I never met Donna Summer, but my good friend Prince Poppycock sang with her, and I was always jealous of him for that. Her voice was the sound of the 70s, her high pitch perfect disco soprano kept the dance floor filled with stomping feet, shirtless men and some shirted men among them, bodies close enough to be touching and some actually touching, tightly packed yet boundlessly free, together, maybe feeling good for the first time. This was the sum and solace of Donna Summer, and her name was fitting, as she brought on the summer of our lives, many of us, more than she will ever know, more than we will even ourselves understand.
Donna Summer’s name conjoured hot sweaty midnights, disco balls, being gay and being proud, feather boas and poppers, cocaine and freedom, neon signs and leather vests, that kind of bad girl that every gay man wants to be – not bad really – more like the kind of bad that Olivia Newton John gets into at the end of Grease. Still, Donna Summer wore those tight Frederick’s of Hollywood thick spandex pants first, like jeans but with a long zipper, stringy camisole thing on top, and in this uniform of the true disco diva, I imagine her working over the mikes at Casablanca like no one else before her or since.

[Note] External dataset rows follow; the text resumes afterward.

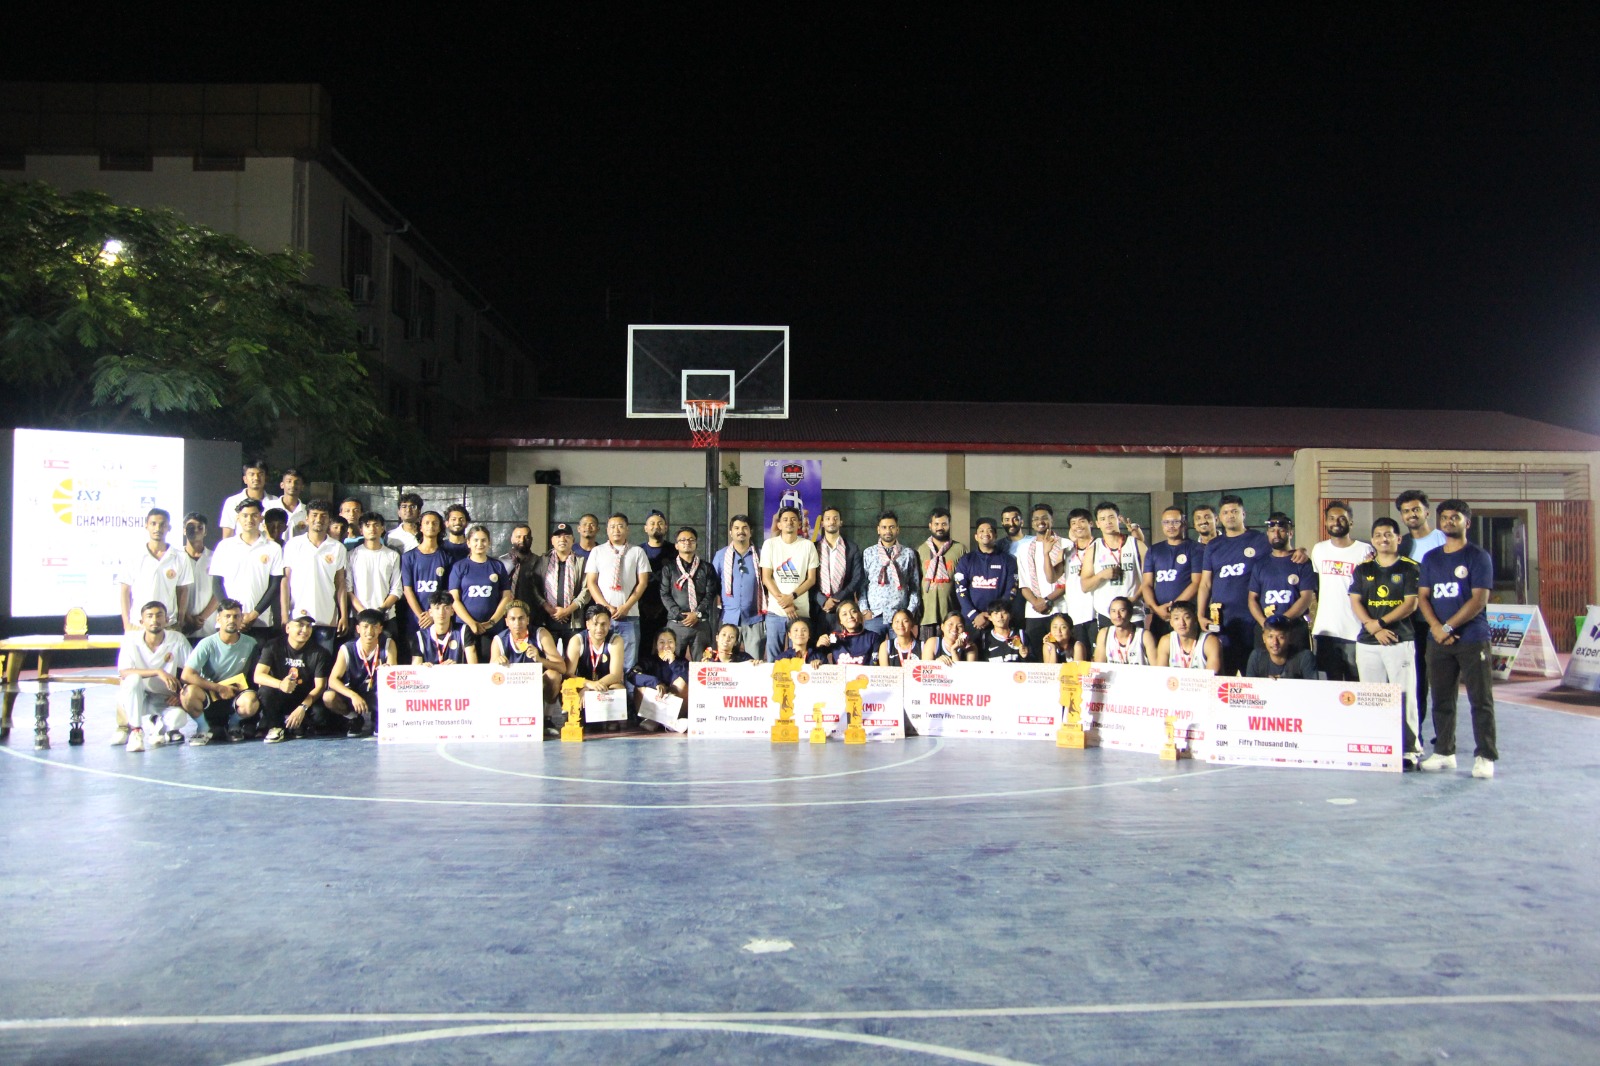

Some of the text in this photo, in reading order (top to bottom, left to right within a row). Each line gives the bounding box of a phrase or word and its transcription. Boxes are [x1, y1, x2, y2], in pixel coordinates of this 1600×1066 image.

[406, 698, 470, 712] RUNNER UP
[723, 695, 768, 708] WINNER
[929, 692, 991, 707] RUNNER UP
[862, 703, 886, 713] (MVP)
[1085, 702, 1194, 720] MOST VALUABLE PLAYER (MVP)
[925, 711, 944, 719] Twenty
[1247, 715, 1303, 733] WINNER
[1238, 738, 1253, 746] Fifty
[1254, 739, 1283, 748] Thousand

We took the loss of Whitney Houston hard, and I for one have not yet recovered. It seemed like we had lost enough so far. Etta james and Whitney Houston – enough is enough – I had thought – and also ironically, it’s one of my favorite Donna Summer songs. Enough is enough – I only think of it as a Donna Summer song – is that terrible? Of course her duet partner is the formidable Barbra Streisand, but unfortunately for Babs, Donna steals the show, even though I can tell the mix of the song is tipped heavily in Barbra’s favor. No matter. Donna’s voice shines decibels above even the greatest and most revered of all singers.

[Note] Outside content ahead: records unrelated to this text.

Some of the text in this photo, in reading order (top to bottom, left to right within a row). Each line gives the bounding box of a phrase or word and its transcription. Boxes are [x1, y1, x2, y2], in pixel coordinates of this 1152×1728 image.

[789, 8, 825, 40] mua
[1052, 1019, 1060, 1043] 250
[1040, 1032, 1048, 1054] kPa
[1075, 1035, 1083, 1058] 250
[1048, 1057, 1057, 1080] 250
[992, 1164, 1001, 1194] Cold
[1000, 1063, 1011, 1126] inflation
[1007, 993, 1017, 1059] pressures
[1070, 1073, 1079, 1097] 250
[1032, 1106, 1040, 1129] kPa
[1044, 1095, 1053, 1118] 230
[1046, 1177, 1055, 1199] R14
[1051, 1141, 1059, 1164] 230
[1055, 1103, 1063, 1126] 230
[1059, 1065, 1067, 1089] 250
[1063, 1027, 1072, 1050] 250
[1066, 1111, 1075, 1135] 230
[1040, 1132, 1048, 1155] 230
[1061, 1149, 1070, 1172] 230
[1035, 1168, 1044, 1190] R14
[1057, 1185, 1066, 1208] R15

Donna Summer got played a lot at funerals in the 80s, Last Dance becoming a sort of requiem march. The untimely deaths of gay men from AIDS – when I hear that song, that is what I remember. I still love the song though, tragedy and bliss go hand in hand sometimes. I look back at my long life and blink unbelieving at how many I have survived. All I have left are these memories of songs, love for these singers. That is all. As i get older, I have less and less, or maybe that means, I have more. But enough is enough.